One highlight of this year's 50th anniversary celebration could have been a free music festival in Golden Gate Park on August 27.

The Council of Light, a group that came together out of the original movement in the 1960s, had wanted to organize a 2017 festival like they had on the 40th anniversary in 2007, in which contemporary musicians and those from the mid-1960s would perform side-by-side. Tibetan monks were even invited to lead a communal awakening.

The city denied the organizers a permit due to security considerations, too few toilets, volunteer staffing, inadequate evacuation route plans, among other issues. The correspondence between the organizers and the responsible municipal office, as well as the subsequent court case, lacked any sign of the spirit of the Sixties.

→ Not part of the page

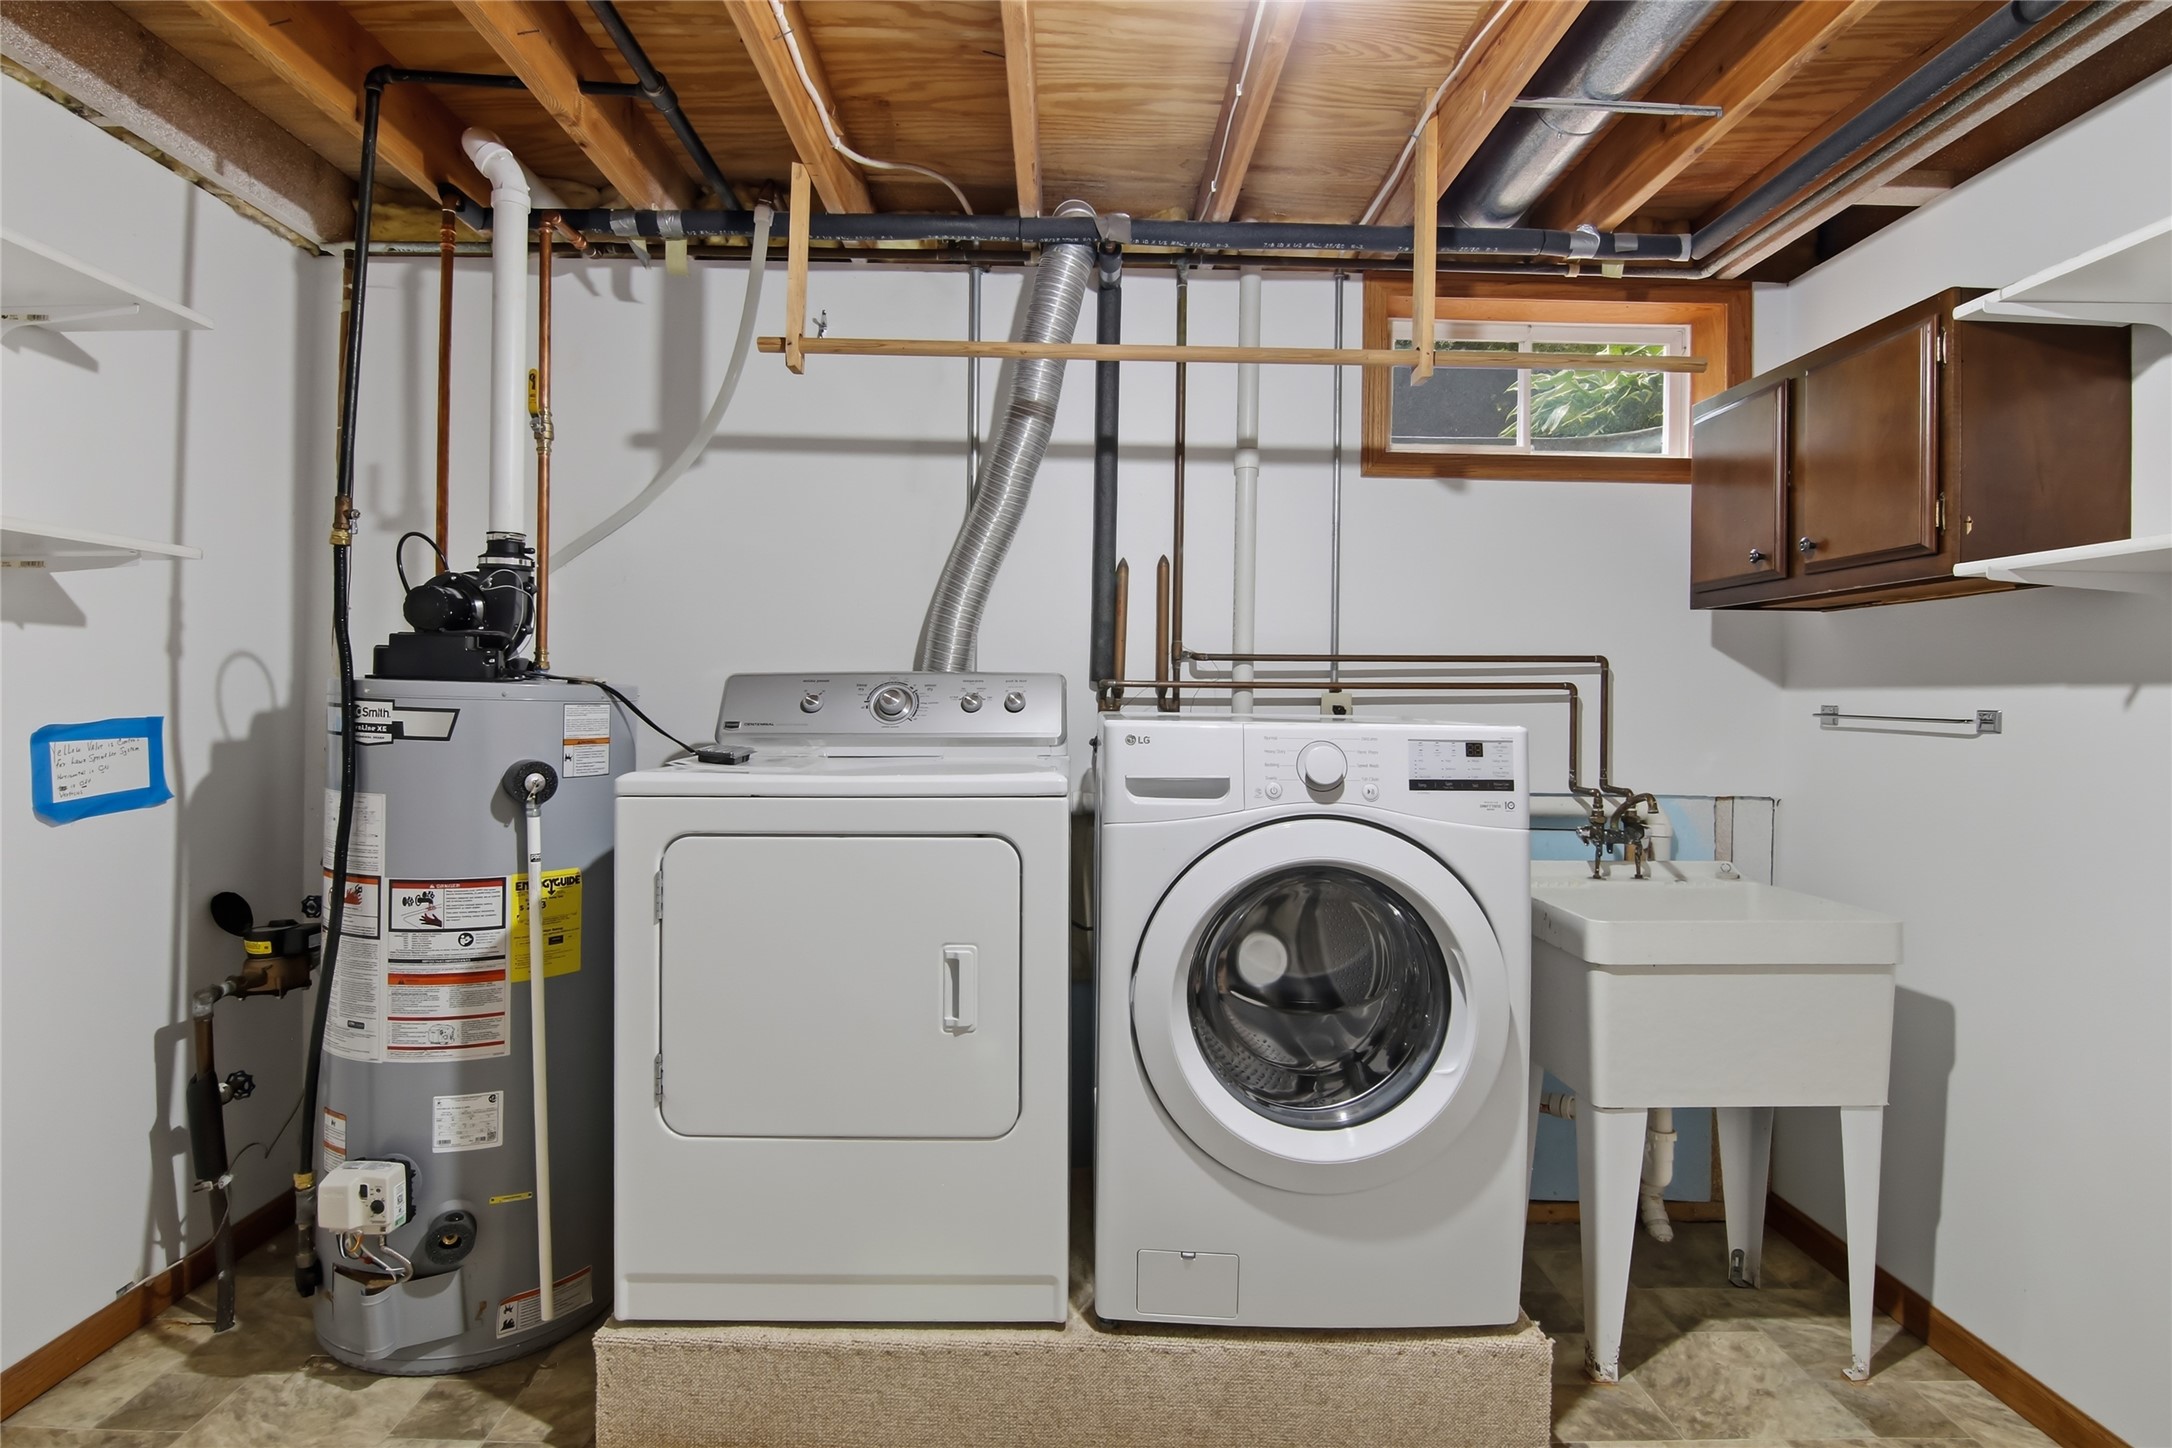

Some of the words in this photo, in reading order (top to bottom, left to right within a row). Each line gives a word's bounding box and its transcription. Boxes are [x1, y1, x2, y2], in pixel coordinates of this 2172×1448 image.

[362, 707, 390, 718] Smith
[1138, 736, 1150, 744] LG
[50, 742, 80, 761] Yellow
[516, 875, 580, 893] ENGYGUIDE

Yet hippie history remains an integral part of the city of San Francisco. It is greeting its visitors on the 50th birthday of the Summer of Love with everything imaginable related to hippie culture, cliché as it sometimes may be.

Celebratory events are taking place throughout 2017, from concerts to gatherings - and even a Summer of Love exhibition in the de Young art museum that the San Fransisco-based culture magazine The Bold Italic recommends visiting while stoned. 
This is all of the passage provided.